▶ [WORK TO COMPLETE]
Restate every line of the data word for word, except for the images.

Spatial localization data

'''

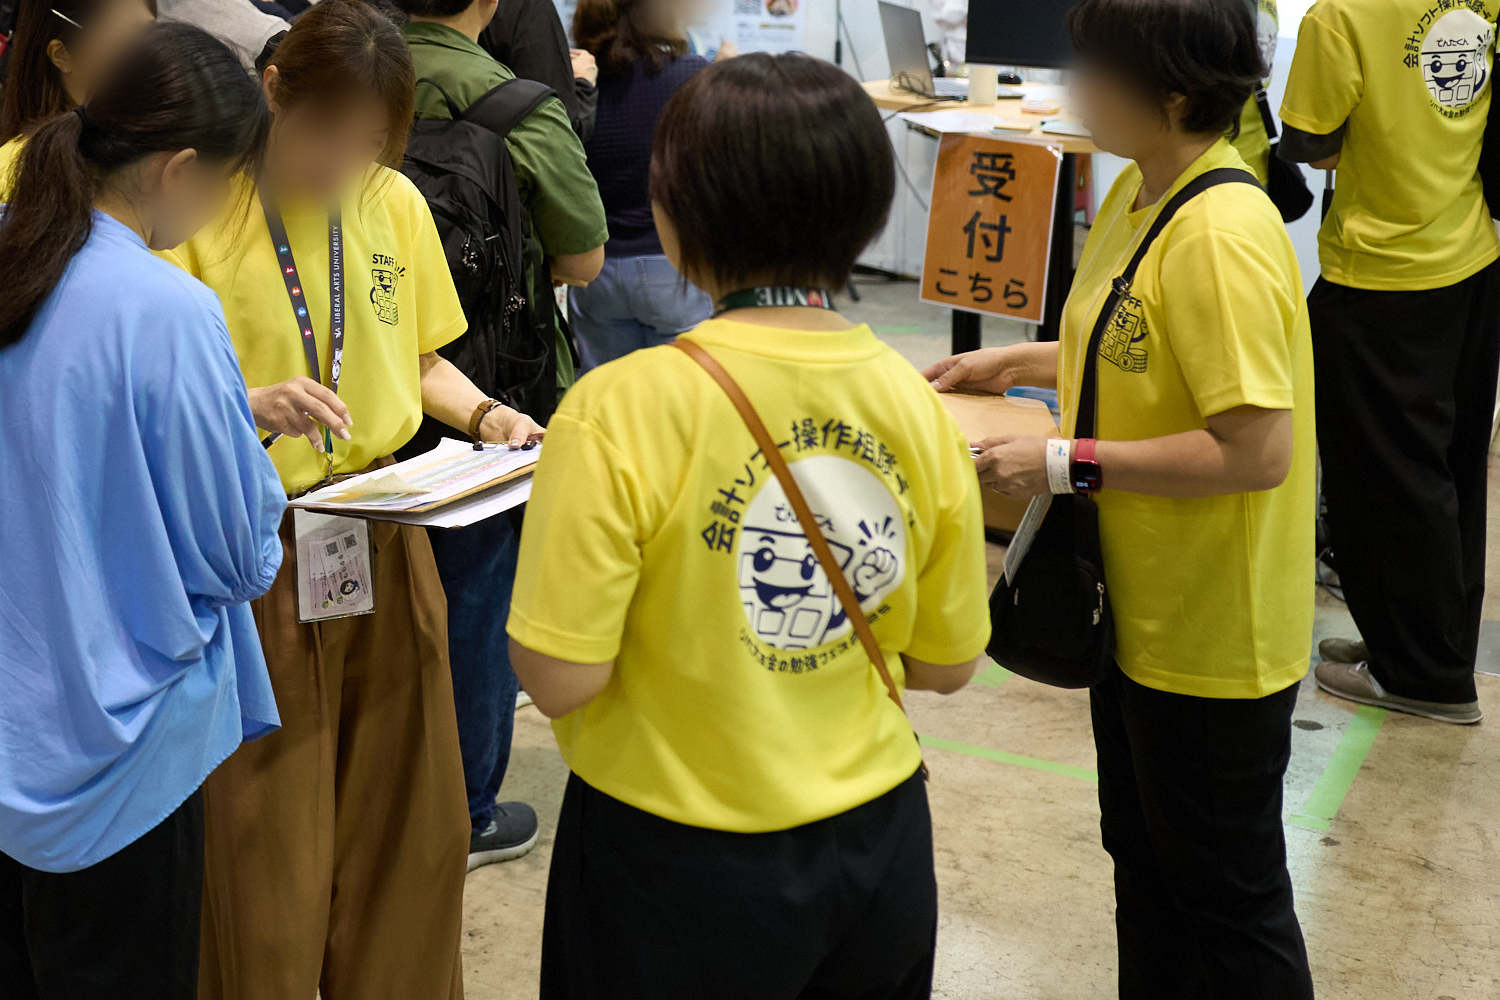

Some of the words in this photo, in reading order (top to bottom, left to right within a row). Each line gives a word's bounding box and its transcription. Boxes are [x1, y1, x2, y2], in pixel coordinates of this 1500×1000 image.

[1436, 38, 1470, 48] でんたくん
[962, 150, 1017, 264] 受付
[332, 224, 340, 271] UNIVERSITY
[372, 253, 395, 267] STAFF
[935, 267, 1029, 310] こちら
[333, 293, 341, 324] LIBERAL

'''

▶ [OUTPUT BELOW]
Some of the words in this photo, in reading order (top to bottom, left to right within a row). Each line gives a word's bounding box and its transcription. Boxes are [x1, y1, x2, y2], in pixel coordinates of this 1500×1000 image.

[1436, 38, 1470, 48] でんたくん
[962, 150, 1017, 264] 受付
[332, 224, 340, 271] UNIVERSITY
[372, 253, 395, 267] STAFF
[935, 267, 1029, 310] こちら
[333, 293, 341, 324] LIBERAL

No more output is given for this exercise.